Exercise> Each record below gets repeated exactly, and pictures stay out of the copy.

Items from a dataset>
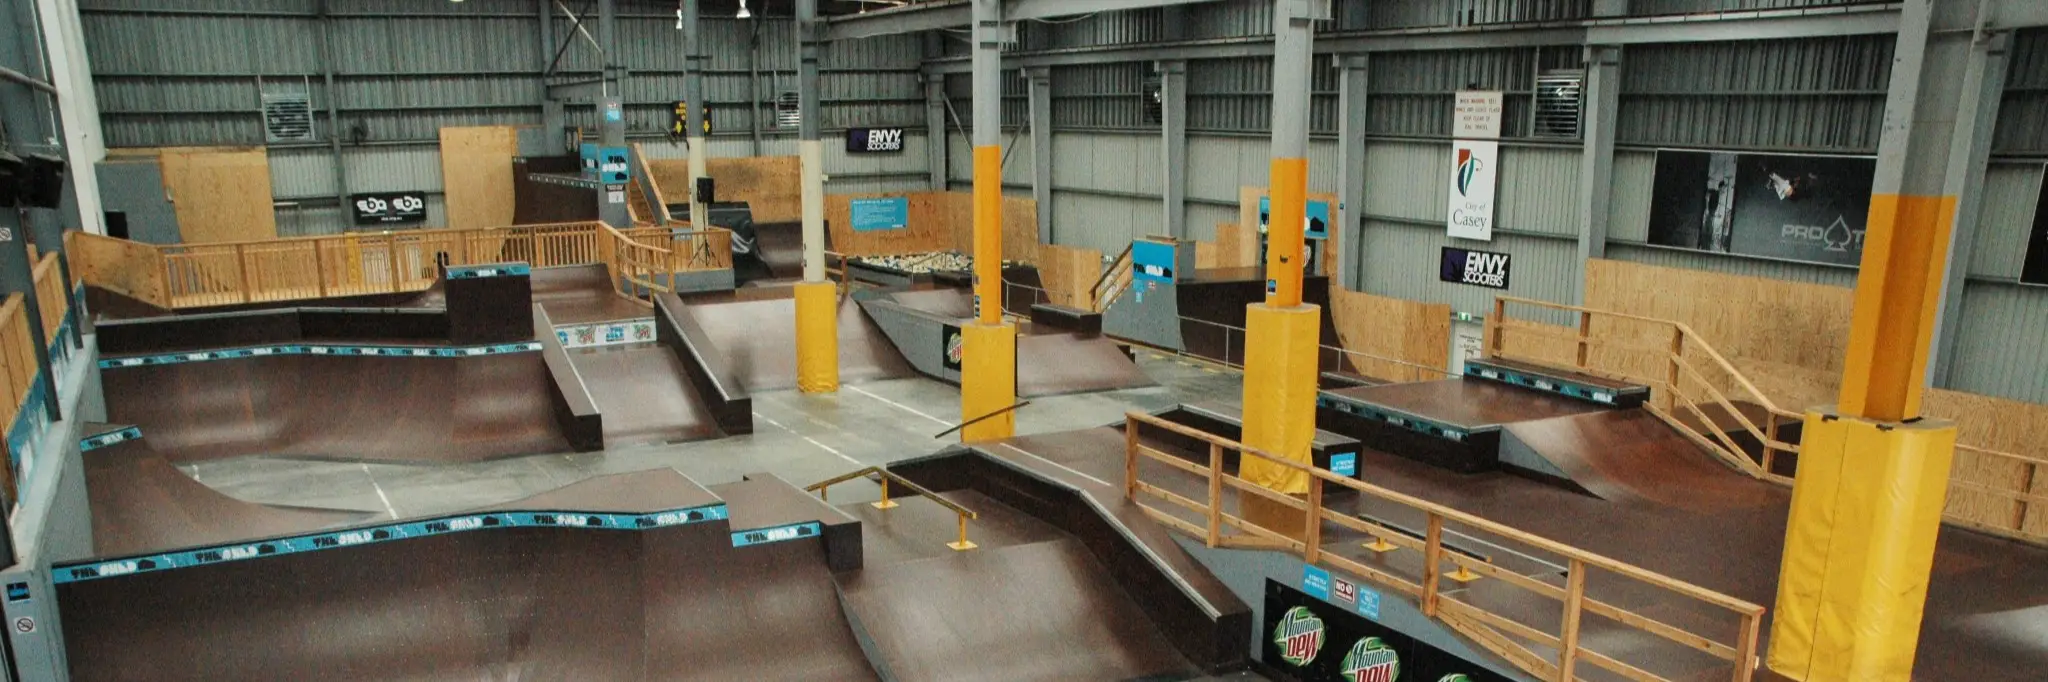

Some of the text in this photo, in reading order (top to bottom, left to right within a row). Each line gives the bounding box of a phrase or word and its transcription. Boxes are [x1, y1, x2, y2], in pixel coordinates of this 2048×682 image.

[869, 129, 902, 143] ENVY
[1479, 202, 1487, 210] of
[1453, 208, 1487, 231] Casey
[1781, 224, 1824, 241] PRO
[1465, 251, 1508, 275] ENVY
[1463, 271, 1504, 287] SCOOTERS
[1335, 580, 1346, 593] NO
[1283, 609, 1323, 638] Mountain
[1352, 640, 1396, 669] Mountain

Task output>
Some of the text in this photo, in reading order (top to bottom, left to right within a row). Each line gives the bounding box of a phrase or word and its transcription. Boxes are [x1, y1, x2, y2], in pixel coordinates of this 2048×682 image.

[869, 129, 902, 143] ENVY
[1479, 202, 1487, 210] of
[1453, 208, 1487, 231] Casey
[1781, 224, 1824, 241] PRO
[1465, 251, 1508, 275] ENVY
[1463, 271, 1504, 287] SCOOTERS
[1335, 580, 1346, 593] NO
[1283, 609, 1323, 638] Mountain
[1352, 640, 1396, 669] Mountain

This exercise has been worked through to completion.